[Opening Provided records section]

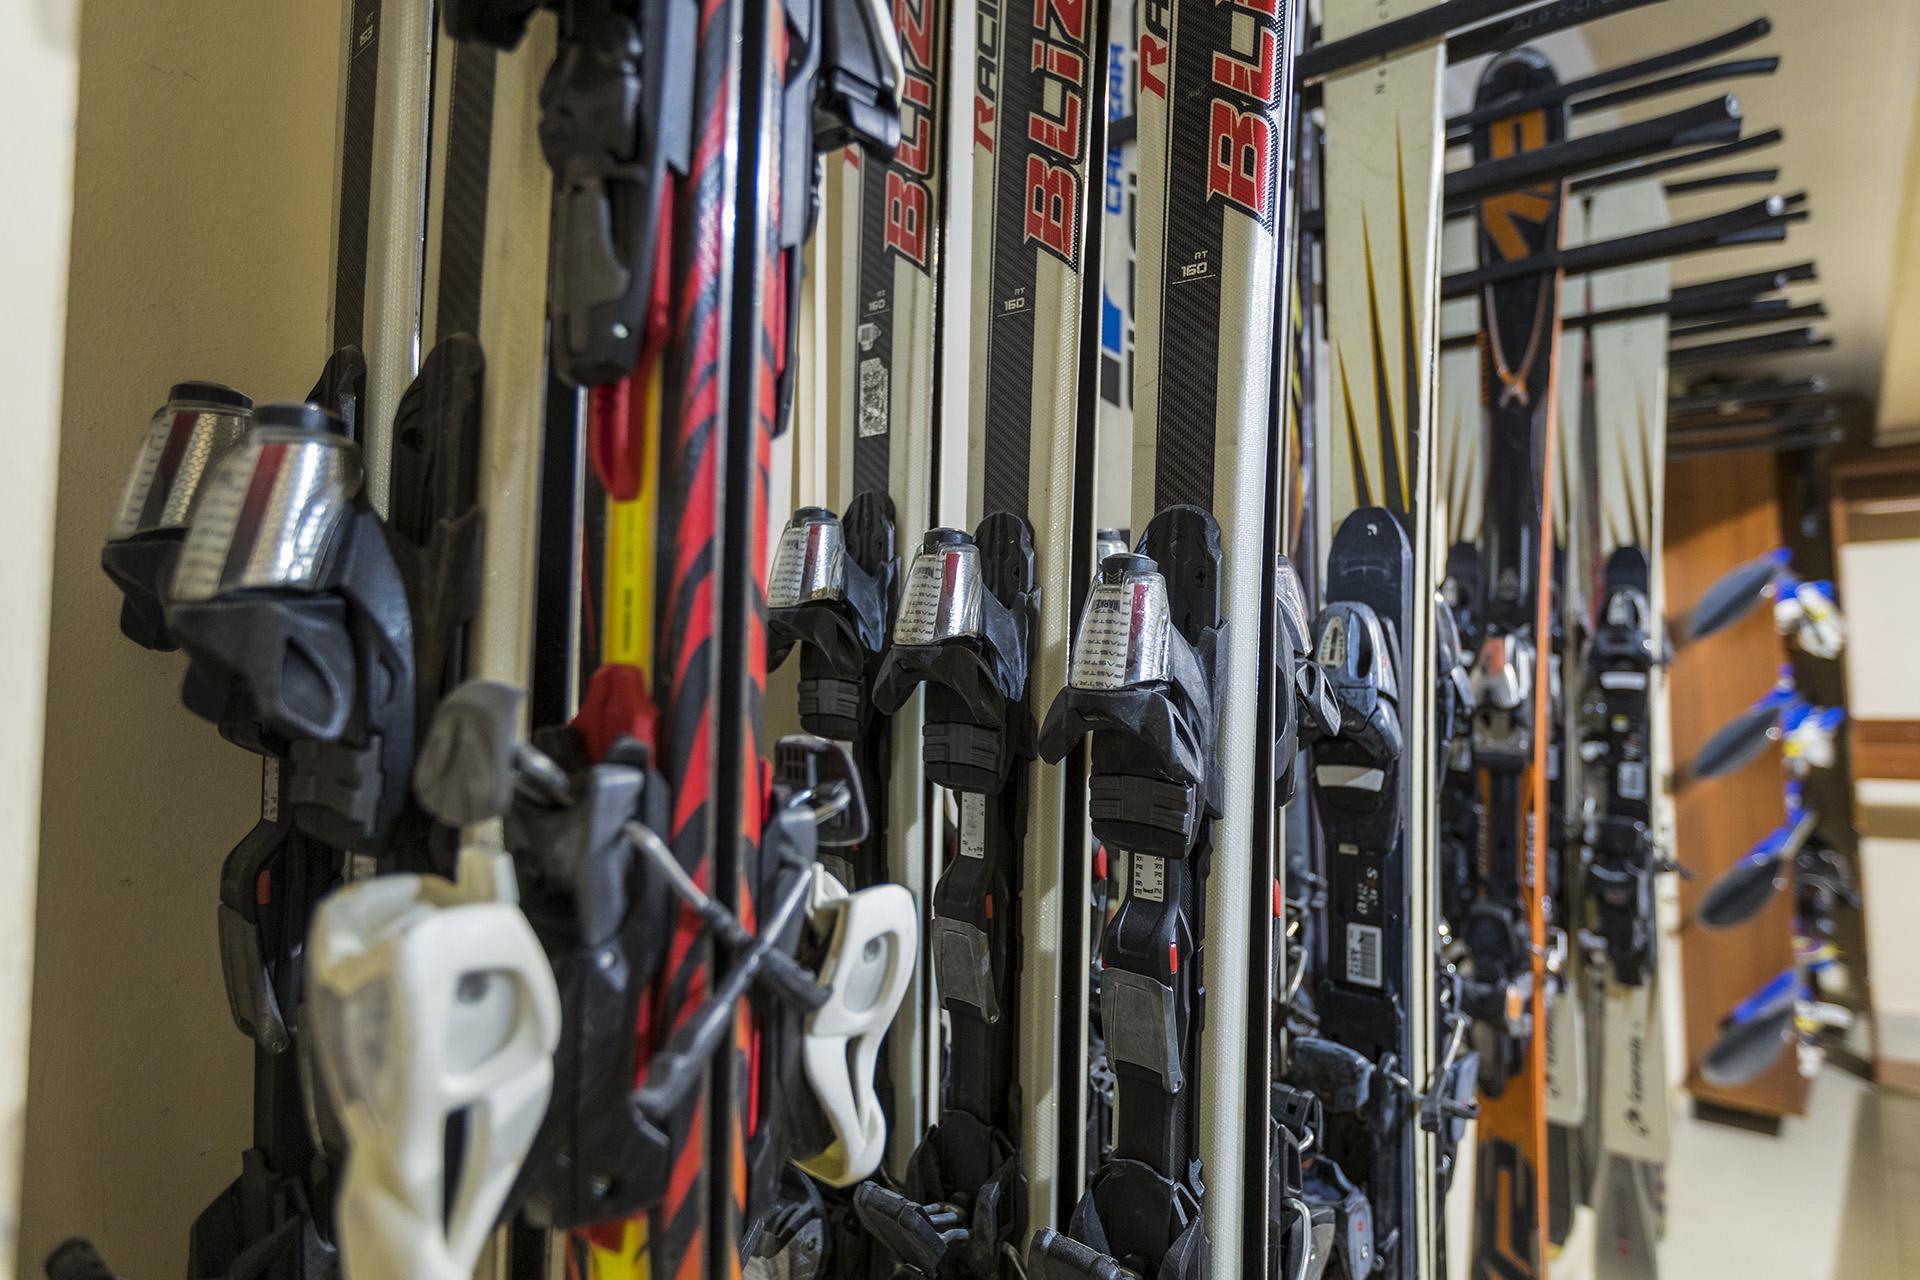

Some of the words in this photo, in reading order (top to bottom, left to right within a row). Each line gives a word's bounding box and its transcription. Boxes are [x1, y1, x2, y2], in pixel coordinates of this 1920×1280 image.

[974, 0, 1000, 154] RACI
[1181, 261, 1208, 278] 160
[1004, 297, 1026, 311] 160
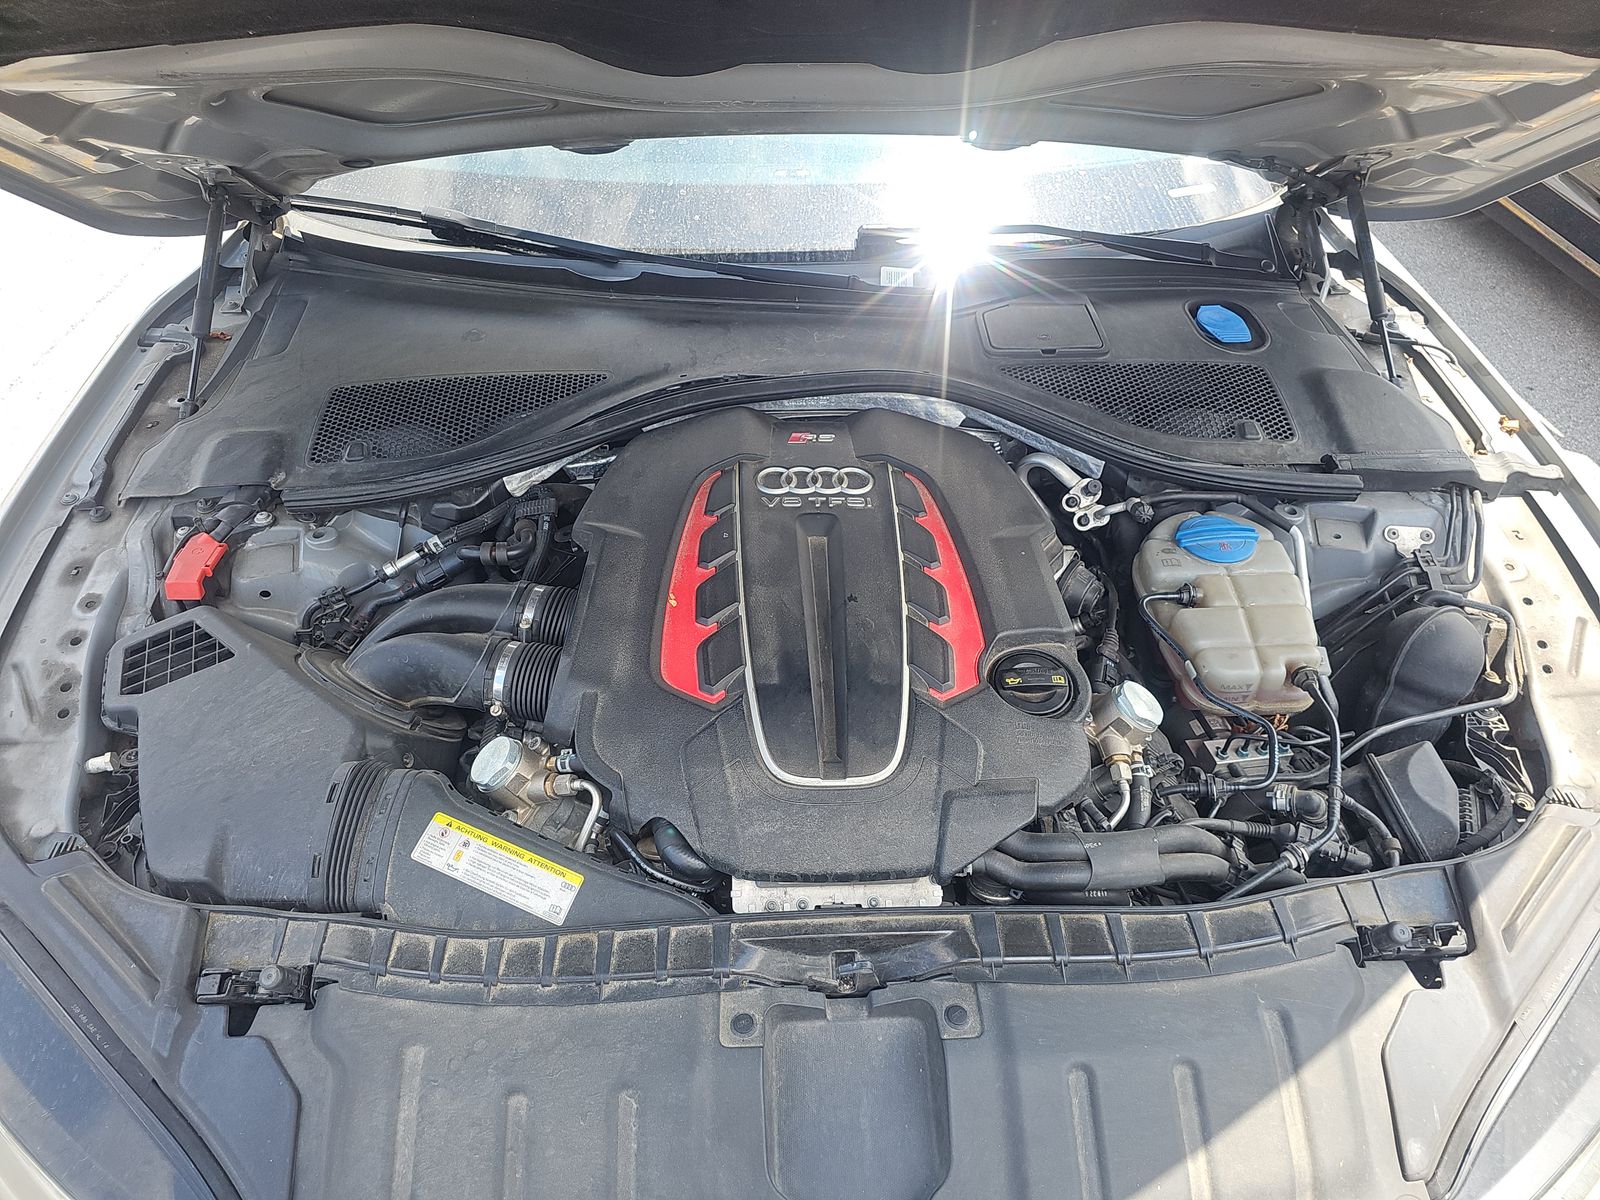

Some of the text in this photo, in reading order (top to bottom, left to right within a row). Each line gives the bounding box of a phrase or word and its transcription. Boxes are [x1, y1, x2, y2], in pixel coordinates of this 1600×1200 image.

[Closing Provided records section]

### What is required
Repeat the entries exactly. Any picture is to be left out.

### The answer
Some of the words in this photo, in reading order (top to bottom, left to right within a row). Each line gives a word's bounding box and its transcription. Boxes are [x1, y1, x2, y2], in pixel coordinates of this 1920×1280 image.

[974, 0, 1000, 154] RACI
[1181, 261, 1208, 278] 160
[1004, 297, 1026, 311] 160

Some of the text in this photo, in reading order (top to bottom, left to right within a row). Each line gives the bounding box of a phrase or word and its transcription. Boxes are [x1, y1, x2, y2], in pixel coordinates of this 1600×1200 image.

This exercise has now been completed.